While grounded in ‘free-market-principles’ in setting prices, there is one caveat worth noting here – especially in light of the commentary statement “the only workable solution is prices set by free markets”. This theory is grounded in ‘utility theory.’ The presumption under “utility theory” is that market participants only seek to maximize their wealth for a given level of risk. Yet this is hardly true in reality.
While there is much to be said about this from the behavioral finance perspective (i.e. behavioral bias to emotional intelligence), the discoveries in neuroscience blended with human behavior is much more enlightening (i.e. cognitive brain function- unhealthy stress cortisol releases vs gratitude/giving happy hormonal releases), and thus helpful to where financial theory needs to explore.
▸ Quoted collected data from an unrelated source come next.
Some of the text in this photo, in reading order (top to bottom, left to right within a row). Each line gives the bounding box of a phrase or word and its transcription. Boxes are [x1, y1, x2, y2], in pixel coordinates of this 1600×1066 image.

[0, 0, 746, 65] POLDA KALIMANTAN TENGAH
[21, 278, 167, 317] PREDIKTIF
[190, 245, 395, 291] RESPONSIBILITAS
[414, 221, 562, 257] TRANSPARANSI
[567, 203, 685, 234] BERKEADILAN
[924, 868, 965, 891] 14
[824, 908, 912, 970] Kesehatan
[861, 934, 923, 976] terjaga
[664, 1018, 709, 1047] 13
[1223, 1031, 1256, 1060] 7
This influences pricing and valuations as financial tools. AND, this is quite NOT the ‘communist’ or ‘socialist’ manifesto, but blending the knowledge from science with finance to create better financial tools that reflect the sustainable functioning future of society. Quite frankly, humanity was given two sides of the brain and our design is not to operate under just one side – presumably how ‘utility theory’ denotes. Ignoring this also ignores a distortion in finance theory. (Check out Robert Shiller and John Coates to name a few).
Often, in discussion with finance folks, the conversation begins with acknowledging these misgivings of finance theory and then circles back to the status quo. For the most part markets work efficiently as argued, yet we can always improve upon our tool box by being open to new ideas from multiple perspectives that work towards resolving the misgivings of finance theory.
This is the challenge we need to embrace – thanks all for sharing your perspective.